*** Block opens ***

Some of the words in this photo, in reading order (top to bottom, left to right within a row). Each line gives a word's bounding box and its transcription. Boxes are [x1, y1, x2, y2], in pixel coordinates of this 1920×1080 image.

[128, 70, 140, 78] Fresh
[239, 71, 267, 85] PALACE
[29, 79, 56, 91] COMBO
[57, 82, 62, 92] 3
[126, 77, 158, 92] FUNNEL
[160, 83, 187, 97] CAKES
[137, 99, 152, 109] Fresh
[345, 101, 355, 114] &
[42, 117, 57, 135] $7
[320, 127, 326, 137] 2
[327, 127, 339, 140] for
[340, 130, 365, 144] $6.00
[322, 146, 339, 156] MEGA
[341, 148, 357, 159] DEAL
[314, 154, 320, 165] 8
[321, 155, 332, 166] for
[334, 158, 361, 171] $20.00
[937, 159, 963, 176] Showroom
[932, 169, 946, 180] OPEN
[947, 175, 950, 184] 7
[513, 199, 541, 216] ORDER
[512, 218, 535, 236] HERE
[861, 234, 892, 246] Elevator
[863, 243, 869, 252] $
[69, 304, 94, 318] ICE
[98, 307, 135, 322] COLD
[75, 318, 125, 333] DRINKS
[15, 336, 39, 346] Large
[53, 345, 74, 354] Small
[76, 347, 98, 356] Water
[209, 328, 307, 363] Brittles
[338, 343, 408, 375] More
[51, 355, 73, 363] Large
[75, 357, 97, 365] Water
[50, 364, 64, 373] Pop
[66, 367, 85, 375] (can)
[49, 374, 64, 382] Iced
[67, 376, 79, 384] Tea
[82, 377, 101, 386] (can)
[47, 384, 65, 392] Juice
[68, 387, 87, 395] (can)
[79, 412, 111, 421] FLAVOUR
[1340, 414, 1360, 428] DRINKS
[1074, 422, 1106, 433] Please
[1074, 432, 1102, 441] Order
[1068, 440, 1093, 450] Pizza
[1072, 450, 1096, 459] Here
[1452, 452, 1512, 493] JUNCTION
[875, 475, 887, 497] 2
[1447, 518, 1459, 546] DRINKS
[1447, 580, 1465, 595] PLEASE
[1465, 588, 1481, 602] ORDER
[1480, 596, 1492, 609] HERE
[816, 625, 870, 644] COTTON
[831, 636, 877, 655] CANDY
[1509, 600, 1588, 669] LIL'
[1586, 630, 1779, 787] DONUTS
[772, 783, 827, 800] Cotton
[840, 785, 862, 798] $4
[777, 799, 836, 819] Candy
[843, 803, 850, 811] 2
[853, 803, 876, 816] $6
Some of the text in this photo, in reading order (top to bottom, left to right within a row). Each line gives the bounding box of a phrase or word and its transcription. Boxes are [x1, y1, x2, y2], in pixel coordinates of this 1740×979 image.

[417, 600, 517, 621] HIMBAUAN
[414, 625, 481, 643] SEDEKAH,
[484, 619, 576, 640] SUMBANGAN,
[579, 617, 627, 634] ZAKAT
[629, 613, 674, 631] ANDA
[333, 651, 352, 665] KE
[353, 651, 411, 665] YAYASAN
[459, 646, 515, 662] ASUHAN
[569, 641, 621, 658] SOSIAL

*** Block closes ***

Return the listing in full, exactly.

#### [Solution to this exercise]
Some of the words in this photo, in reading order (top to bottom, left to right within a row). Each line gives a word's bounding box and its transcription. Boxes are [x1, y1, x2, y2], in pixel coordinates of this 1920×1080 image.

[128, 70, 140, 78] Fresh
[239, 71, 267, 85] PALACE
[29, 79, 56, 91] COMBO
[57, 82, 62, 92] 3
[126, 77, 158, 92] FUNNEL
[160, 83, 187, 97] CAKES
[137, 99, 152, 109] Fresh
[345, 101, 355, 114] &
[42, 117, 57, 135] $7
[320, 127, 326, 137] 2
[327, 127, 339, 140] for
[340, 130, 365, 144] $6.00
[322, 146, 339, 156] MEGA
[341, 148, 357, 159] DEAL
[314, 154, 320, 165] 8
[321, 155, 332, 166] for
[334, 158, 361, 171] $20.00
[937, 159, 963, 176] Showroom
[932, 169, 946, 180] OPEN
[947, 175, 950, 184] 7
[513, 199, 541, 216] ORDER
[512, 218, 535, 236] HERE
[861, 234, 892, 246] Elevator
[863, 243, 869, 252] $
[69, 304, 94, 318] ICE
[98, 307, 135, 322] COLD
[75, 318, 125, 333] DRINKS
[15, 336, 39, 346] Large
[53, 345, 74, 354] Small
[76, 347, 98, 356] Water
[209, 328, 307, 363] Brittles
[338, 343, 408, 375] More
[51, 355, 73, 363] Large
[75, 357, 97, 365] Water
[50, 364, 64, 373] Pop
[66, 367, 85, 375] (can)
[49, 374, 64, 382] Iced
[67, 376, 79, 384] Tea
[82, 377, 101, 386] (can)
[47, 384, 65, 392] Juice
[68, 387, 87, 395] (can)
[79, 412, 111, 421] FLAVOUR
[1340, 414, 1360, 428] DRINKS
[1074, 422, 1106, 433] Please
[1074, 432, 1102, 441] Order
[1068, 440, 1093, 450] Pizza
[1072, 450, 1096, 459] Here
[1452, 452, 1512, 493] JUNCTION
[875, 475, 887, 497] 2
[1447, 518, 1459, 546] DRINKS
[1447, 580, 1465, 595] PLEASE
[1465, 588, 1481, 602] ORDER
[1480, 596, 1492, 609] HERE
[816, 625, 870, 644] COTTON
[831, 636, 877, 655] CANDY
[1509, 600, 1588, 669] LIL'
[1586, 630, 1779, 787] DONUTS
[772, 783, 827, 800] Cotton
[840, 785, 862, 798] $4
[777, 799, 836, 819] Candy
[843, 803, 850, 811] 2
[853, 803, 876, 816] $6
Some of the text in this photo, in reading order (top to bottom, left to right within a row). Each line gives the bounding box of a phrase or word and its transcription. Boxes are [x1, y1, x2, y2], in pixel coordinates of this 1740×979 image.

[417, 600, 517, 621] HIMBAUAN
[414, 625, 481, 643] SEDEKAH,
[484, 619, 576, 640] SUMBANGAN,
[579, 617, 627, 634] ZAKAT
[629, 613, 674, 631] ANDA
[333, 651, 352, 665] KE
[353, 651, 411, 665] YAYASAN
[459, 646, 515, 662] ASUHAN
[569, 641, 621, 658] SOSIAL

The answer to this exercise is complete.